### WHAT THE TASK REQUIRES
All of the lines below are to be transcribed faithfully, with pictures excluded from the copy.

(Free-text object descriptions)
====

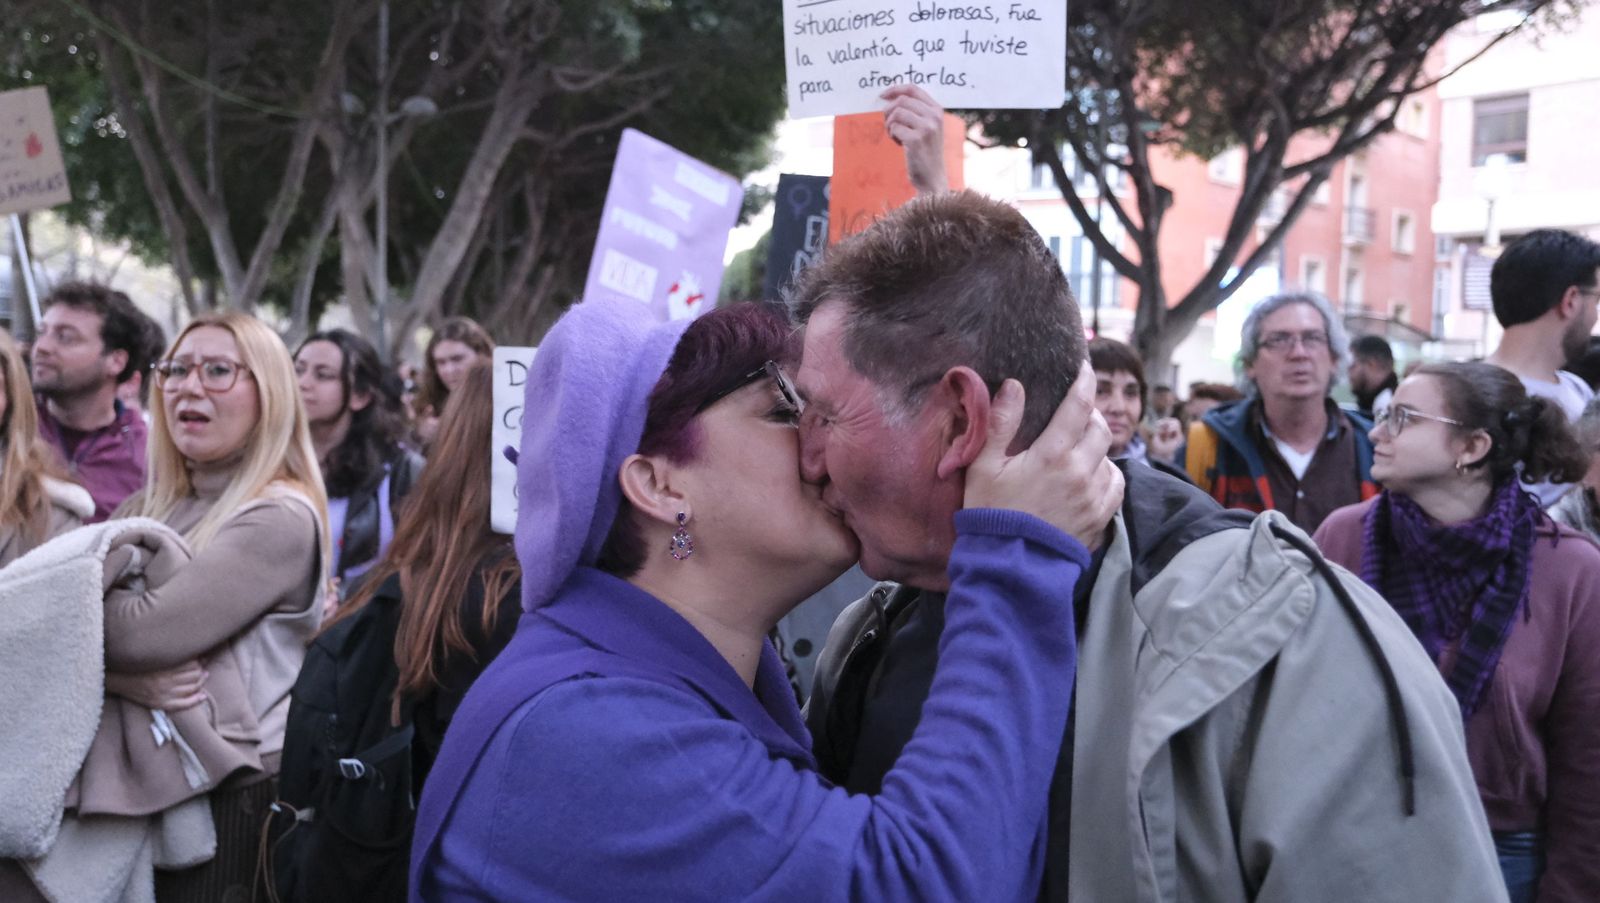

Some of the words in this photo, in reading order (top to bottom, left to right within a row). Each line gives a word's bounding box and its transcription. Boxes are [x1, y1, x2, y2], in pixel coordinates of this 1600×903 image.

[794, 9, 895, 35] situaciones
[909, 1, 1000, 24] dolorosas,
[796, 46, 814, 67] la
[827, 37, 903, 65] valentía
[913, 38, 945, 61] que
[959, 29, 1028, 56] tuviste
[799, 79, 833, 102] para

====

### ANSWER FOR THE TASK
Some of the words in this photo, in reading order (top to bottom, left to right within a row). Each line gives a word's bounding box and its transcription. Boxes are [x1, y1, x2, y2], in pixel coordinates of this 1600×903 image.

[794, 9, 895, 35] situaciones
[909, 1, 1000, 24] dolorosas,
[796, 46, 814, 67] la
[827, 37, 903, 65] valentía
[913, 38, 945, 61] que
[959, 29, 1028, 56] tuviste
[799, 79, 833, 102] para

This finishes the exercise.